**TASK**:
Keep the pictures out. Restate the entries below word for word.
** DATA FOR THIS EXERCISE follows **
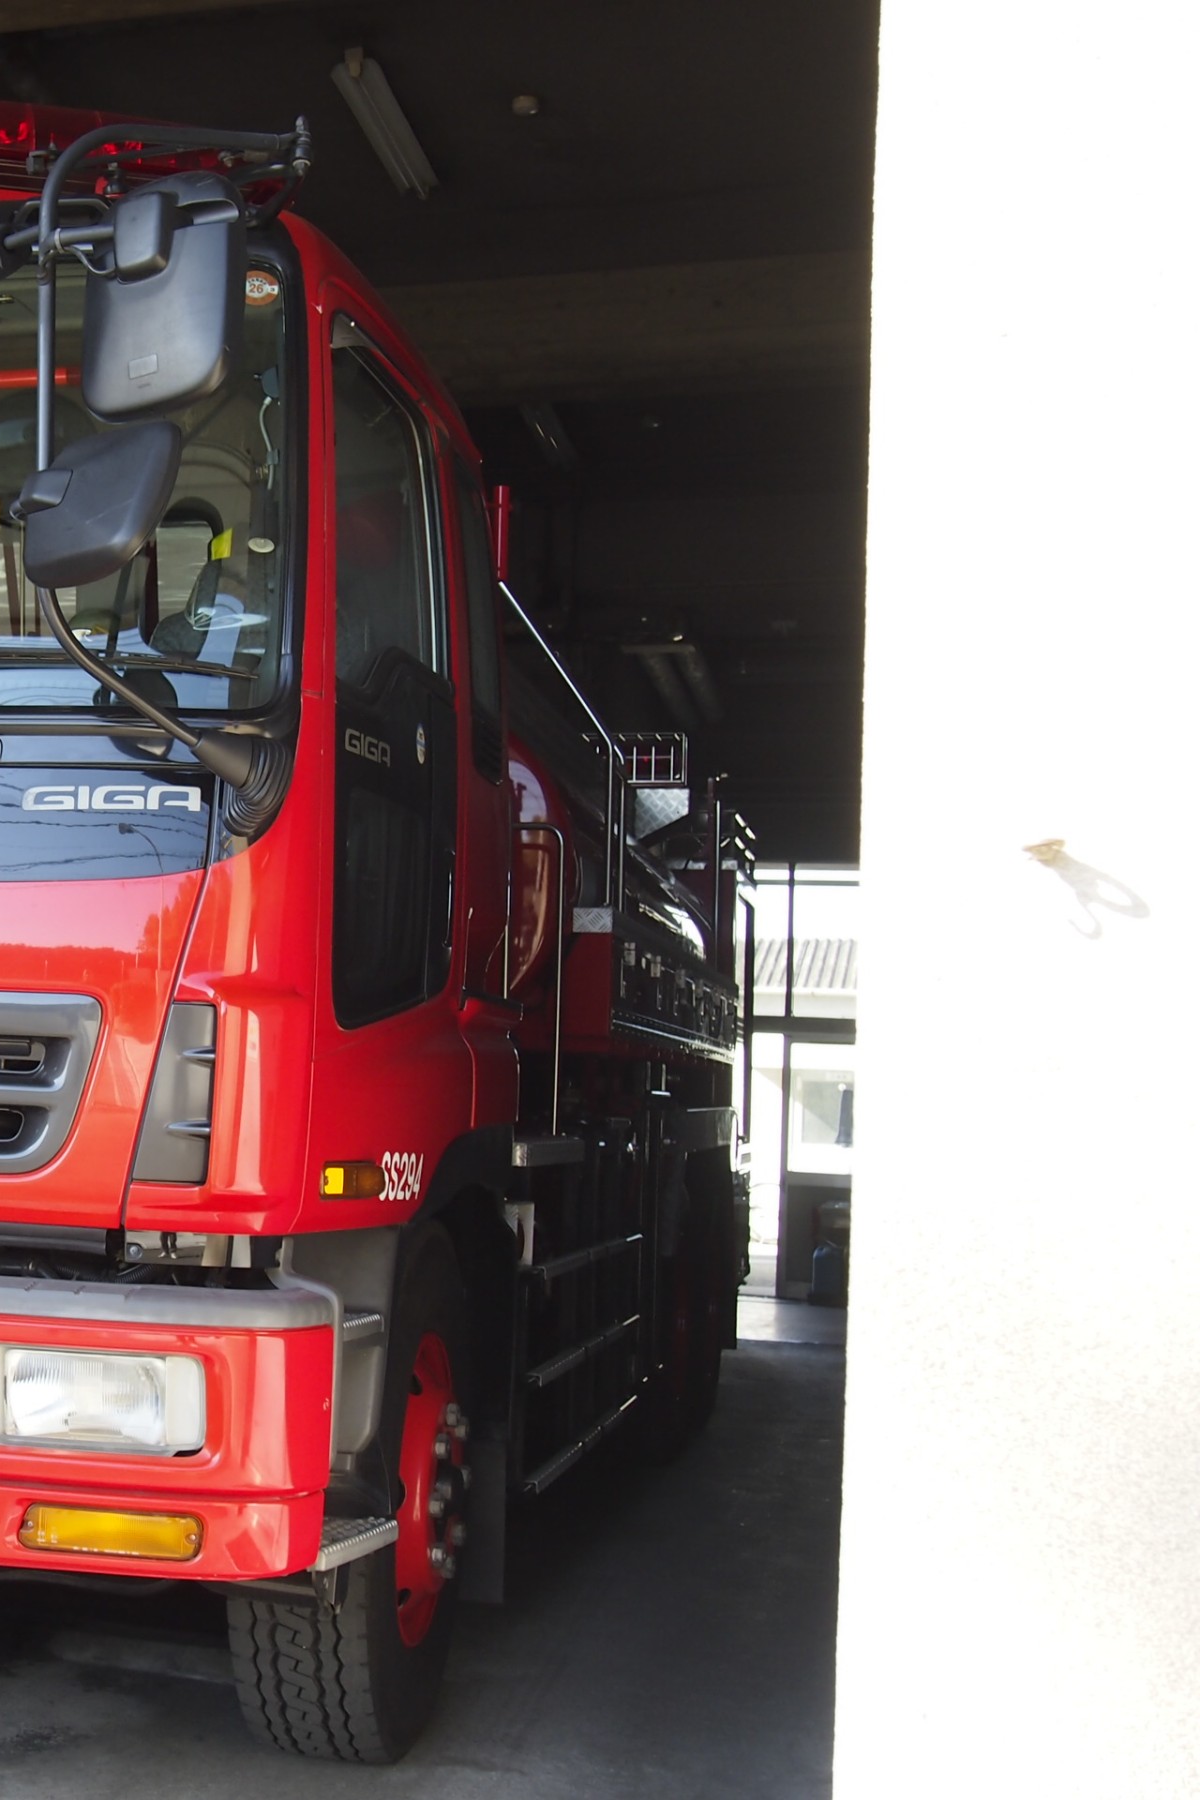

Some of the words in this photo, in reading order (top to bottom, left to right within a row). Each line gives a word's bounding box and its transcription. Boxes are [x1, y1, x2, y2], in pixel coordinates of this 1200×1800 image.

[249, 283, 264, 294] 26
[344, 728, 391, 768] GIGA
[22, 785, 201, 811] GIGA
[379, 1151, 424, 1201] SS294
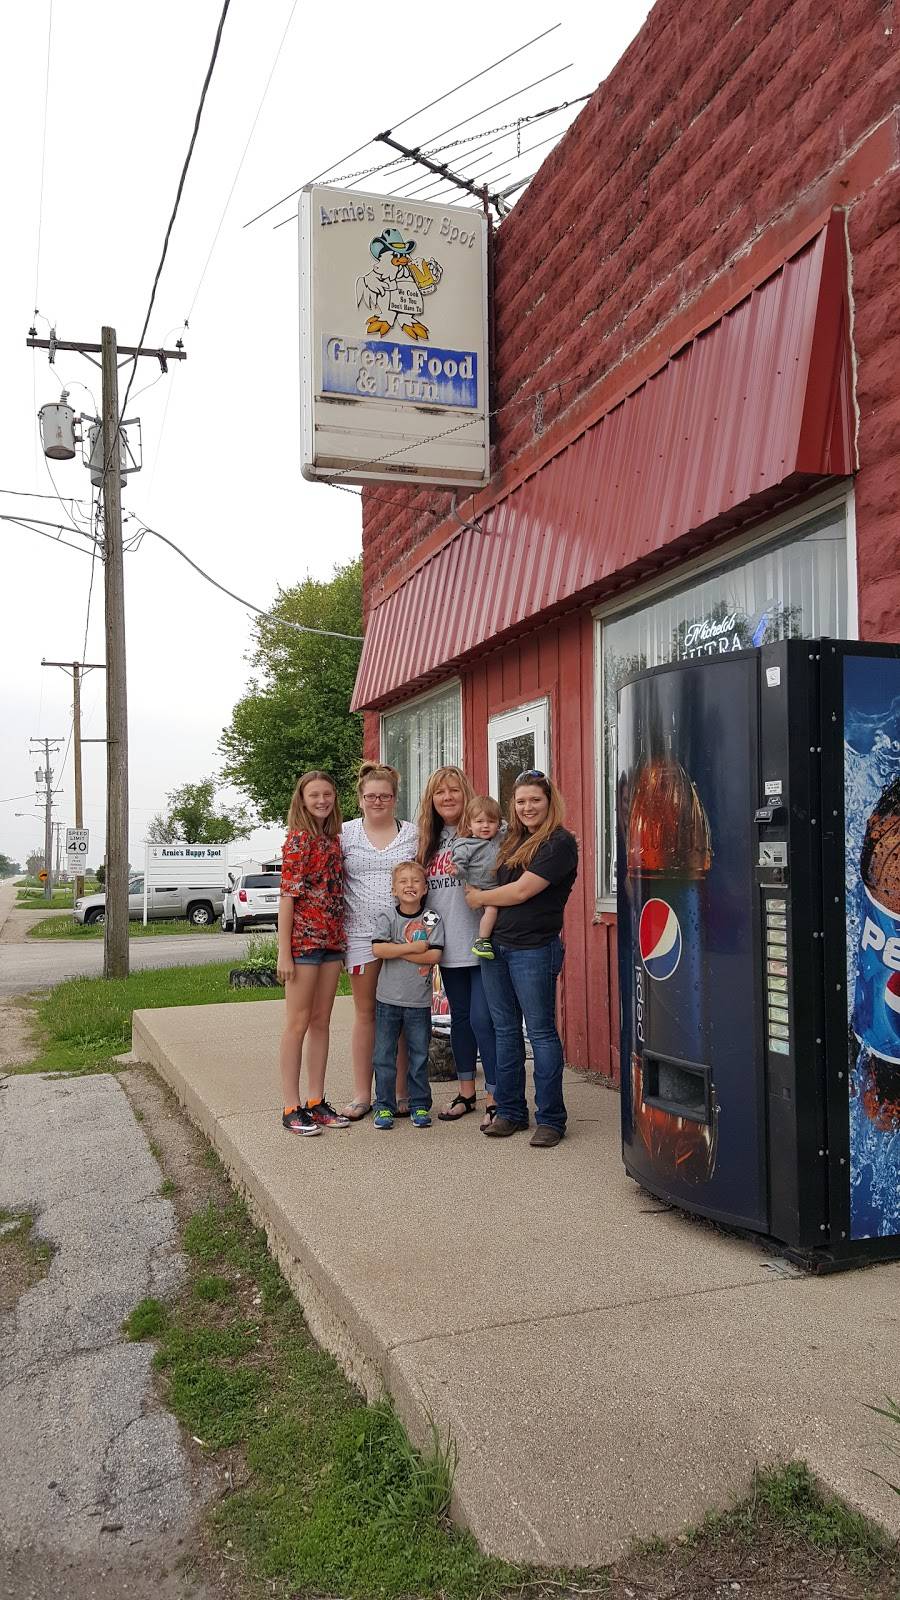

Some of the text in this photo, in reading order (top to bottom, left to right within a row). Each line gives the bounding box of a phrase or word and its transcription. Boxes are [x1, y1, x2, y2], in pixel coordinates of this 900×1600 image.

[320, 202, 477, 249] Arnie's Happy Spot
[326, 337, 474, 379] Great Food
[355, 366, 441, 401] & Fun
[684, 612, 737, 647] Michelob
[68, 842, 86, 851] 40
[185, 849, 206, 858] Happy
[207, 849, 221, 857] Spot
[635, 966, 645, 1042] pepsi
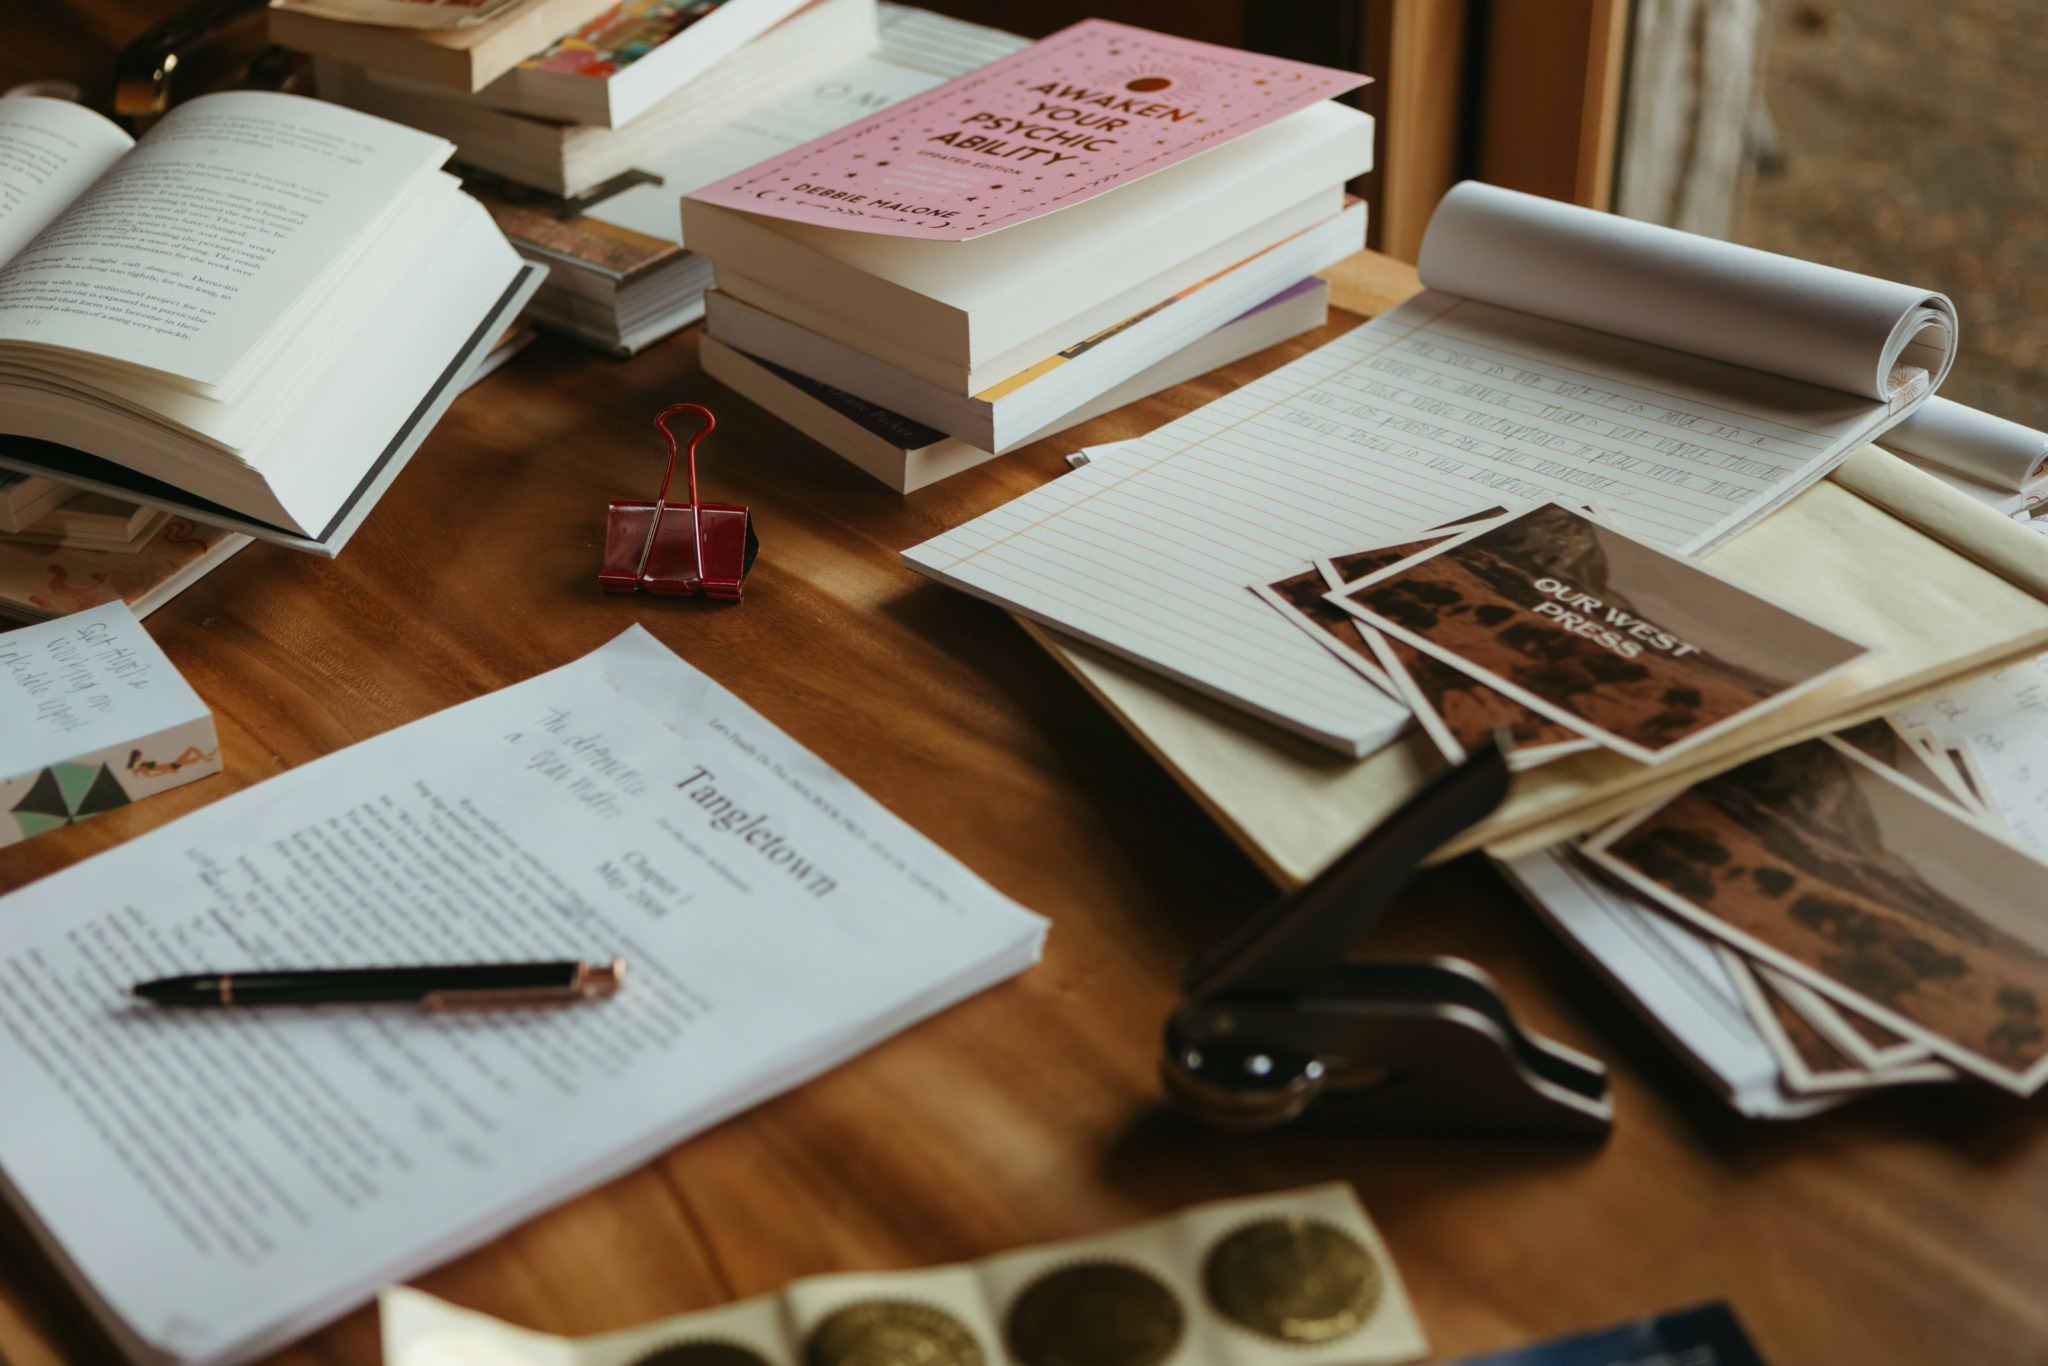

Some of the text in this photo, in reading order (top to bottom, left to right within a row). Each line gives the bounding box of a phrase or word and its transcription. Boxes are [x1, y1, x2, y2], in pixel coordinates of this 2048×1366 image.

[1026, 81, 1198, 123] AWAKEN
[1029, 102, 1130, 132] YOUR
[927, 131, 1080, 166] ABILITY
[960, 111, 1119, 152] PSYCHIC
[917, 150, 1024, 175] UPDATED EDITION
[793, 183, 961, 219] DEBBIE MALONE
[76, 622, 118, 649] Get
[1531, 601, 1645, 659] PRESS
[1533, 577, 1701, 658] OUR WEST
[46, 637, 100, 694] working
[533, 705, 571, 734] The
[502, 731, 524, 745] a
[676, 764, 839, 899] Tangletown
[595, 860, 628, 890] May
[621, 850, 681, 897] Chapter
** End of DATA FOR THIS EXERCISE **
**OUTPUT BELOW**:
Some of the words in this photo, in reading order (top to bottom, left to right within a row). Each line gives a word's bounding box and its transcription. Boxes are [x1, y1, x2, y2], in pixel coordinates of this 1200×1800 image.

[249, 283, 264, 294] 26
[344, 728, 391, 768] GIGA
[22, 785, 201, 811] GIGA
[379, 1151, 424, 1201] SS294

Some of the text in this photo, in reading order (top to bottom, left to right within a row). Each line gives the bounding box of a phrase or word and its transcription. Boxes are [x1, y1, x2, y2], in pixel coordinates of this 900×1600 image.

[320, 202, 477, 249] Arnie's Happy Spot
[326, 337, 474, 379] Great Food
[355, 366, 441, 401] & Fun
[684, 612, 737, 647] Michelob
[68, 842, 86, 851] 40
[185, 849, 206, 858] Happy
[207, 849, 221, 857] Spot
[635, 966, 645, 1042] pepsi

Some of the text in this photo, in reading order (top to bottom, left to right within a row). Each line gives the bounding box of a phrase or word and its transcription. Boxes are [x1, y1, x2, y2], in pixel coordinates of this 2048×1366 image.

[1026, 81, 1198, 123] AWAKEN
[1029, 102, 1130, 132] YOUR
[927, 131, 1080, 166] ABILITY
[960, 111, 1119, 152] PSYCHIC
[917, 150, 1024, 175] UPDATED EDITION
[793, 183, 961, 219] DEBBIE MALONE
[76, 622, 118, 649] Get
[1531, 601, 1645, 659] PRESS
[1533, 577, 1701, 658] OUR WEST
[46, 637, 100, 694] working
[533, 705, 571, 734] The
[502, 731, 524, 745] a
[676, 764, 839, 899] Tangletown
[595, 860, 628, 890] May
[621, 850, 681, 897] Chapter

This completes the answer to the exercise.